A system, for controlling well site operations, comprising a machine learning engine, a predictive engine, a node system stack, and a blockchain. The learning engine includes a machine learning algorithm, an algorithmically generated earth model, and control variables. The learning algorithm generates a trained data model using the algorithmically generated earth model. The predictive engine includes an Artificial Intelligence (AI) algorithm. The AI algorithm generates a trained AI algorithm using the trained data model and earth model variables using the trained AI algorithm. The system stack is communicable coupled to the predictive engine, the learning engine, the blockchain, sensors, and a machine controller. The blockchain having a genesis block and a plurality of subsequent blocks. Each subsequent block comprising a well site entry and a hash of a previous entry. The well site entry comprises transacted operation control variables.

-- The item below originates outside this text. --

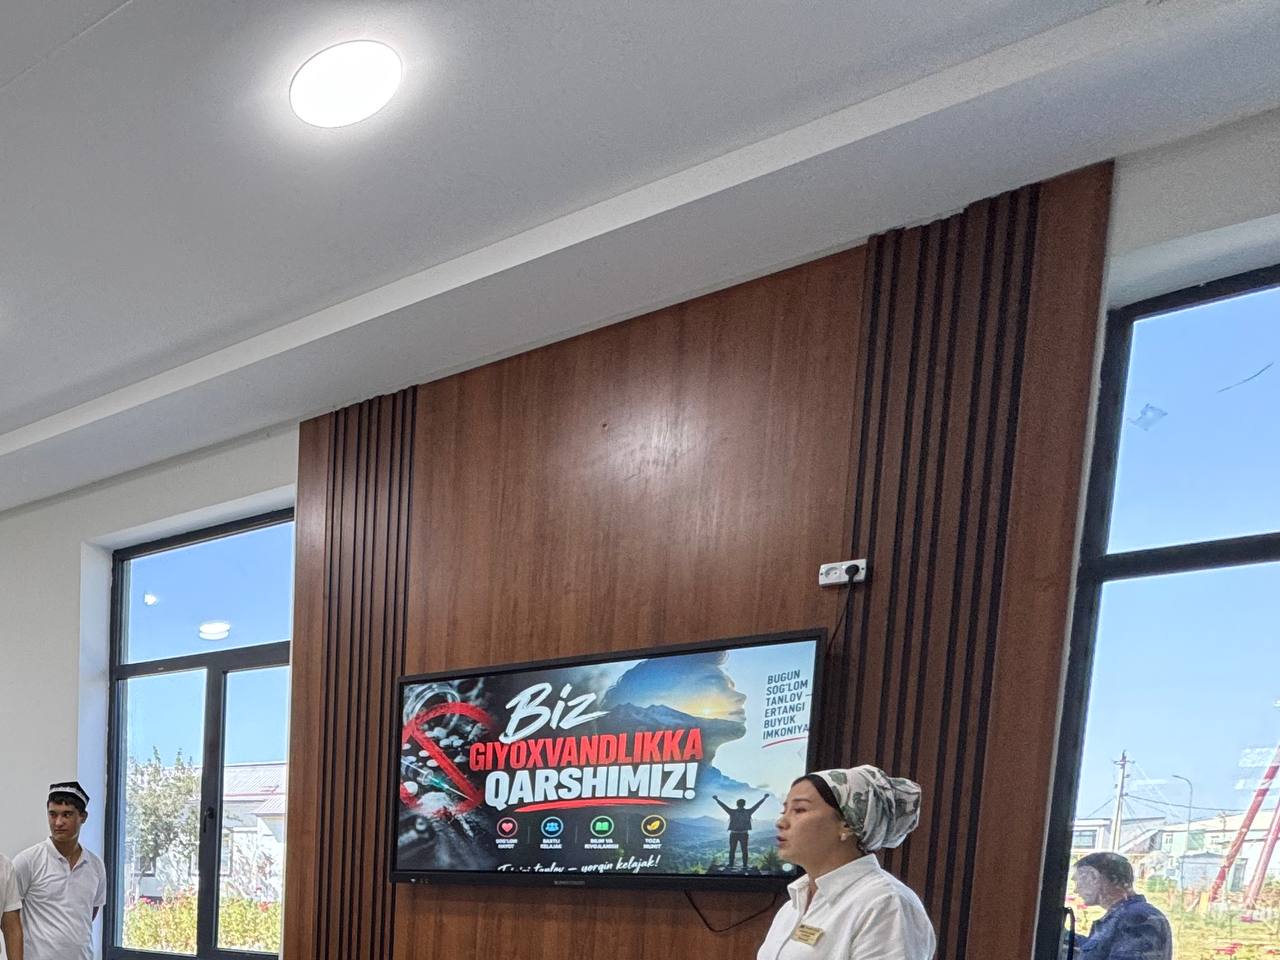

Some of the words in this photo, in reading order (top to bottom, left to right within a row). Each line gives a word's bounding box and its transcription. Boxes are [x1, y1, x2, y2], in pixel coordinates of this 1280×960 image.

The transacted variables are based on the generated earth model variables.

Claims (20)

What is claimed is:
1. A system for managing well site operations, the system comprising: at least one machine learning engine having at least one machine learning algorithm, at least one algorithmically generated earth model, at least one control variable; at least one trained data model generated using the at least one machine learning engine; at least one predictive engine having an artificial intelligence algorithm, the at least one predictive engine generates a trained artificial intelligence algorithm using the artificial intelligence algorithm and the at least one trained data model, the trained artificial intelligence algorithm having a parameter set less than the artificial intelligence algorithm; earth model variables generated using the trained artificial intelligence algorithm; at least one node system stack communicable coupled to the at least one predictive engine, the at least one machine learning algorithm, a distributed network, a plurality of sensors, and at least one machine controller; at least one chained block of a distributed network, the distributed network comprising a genesis block and a plurality of subsequent blocks, each subsequent block comprising a well site entry and a cryptographic hash value of a previous well site entry, wherein the well site entry comprises at least one transacted operation control variable; and the machine controller communicable coupled to the at least one transacted operation control variable and at least one well site operation; wherein the at least one transacted operation control variable is, at least in part, based on at least one of the generated earth model variables.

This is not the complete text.